* _WHAT TO PRODUCE_: Would you output all the lines below precisely as they stand, leaving each picture out?

┌─ STUDY MATERIAL

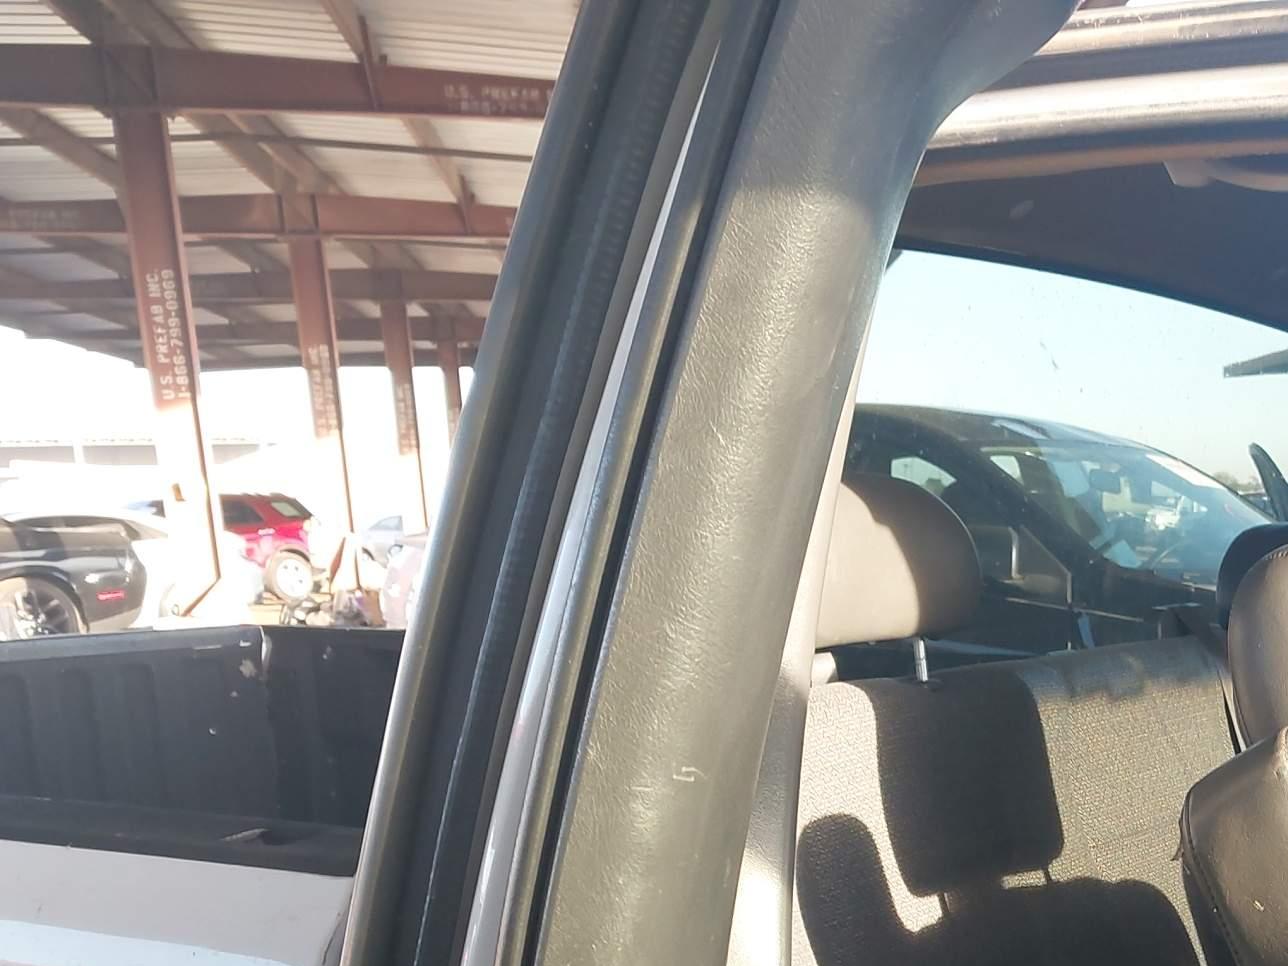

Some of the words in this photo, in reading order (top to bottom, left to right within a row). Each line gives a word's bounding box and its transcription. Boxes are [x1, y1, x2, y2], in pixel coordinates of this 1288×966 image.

[146, 269, 161, 298] INC.
[151, 304, 171, 364] PREFAB
[160, 269, 192, 399] 1-866-799-0969
[160, 370, 176, 400] U.S.
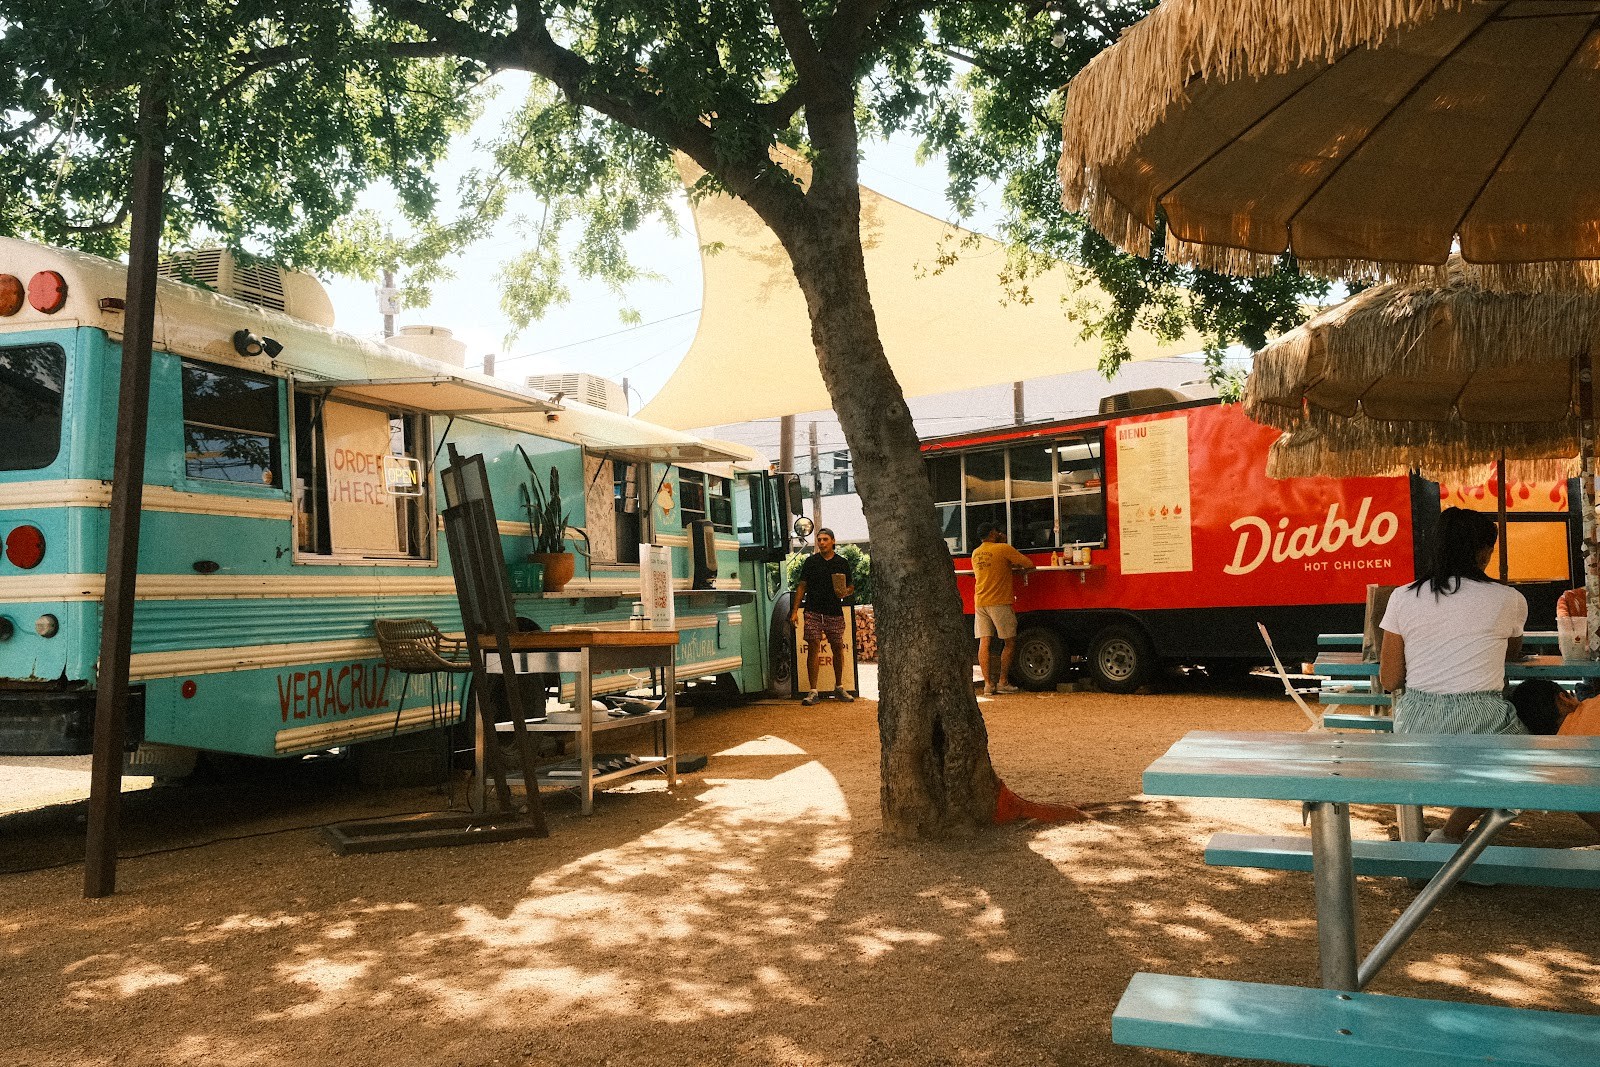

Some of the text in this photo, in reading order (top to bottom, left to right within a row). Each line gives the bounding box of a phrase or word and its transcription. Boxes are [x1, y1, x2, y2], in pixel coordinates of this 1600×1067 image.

[1119, 427, 1147, 441] MENU
[387, 467, 418, 485] OPEN
[1222, 496, 1399, 576] Diablo
[1304, 559, 1392, 571] HOT CHICKEN
[277, 663, 390, 722] VERACRUZ

└─

* _RESULT_:
Some of the words in this photo, in reading order (top to bottom, left to right within a row). Each line gives a word's bounding box and its transcription. Boxes are [x1, y1, x2, y2], in pixel coordinates of this 1288×966 image.

[146, 269, 161, 298] INC.
[151, 304, 171, 364] PREFAB
[160, 269, 192, 399] 1-866-799-0969
[160, 370, 176, 400] U.S.

Some of the text in this photo, in reading order (top to bottom, left to right within a row). Each line gives the bounding box of a phrase or word and its transcription. Boxes are [x1, y1, x2, y2], in pixel coordinates of this 1600×1067 image.

[1119, 427, 1147, 441] MENU
[387, 467, 418, 485] OPEN
[1222, 496, 1399, 576] Diablo
[1304, 559, 1392, 571] HOT CHICKEN
[277, 663, 390, 722] VERACRUZ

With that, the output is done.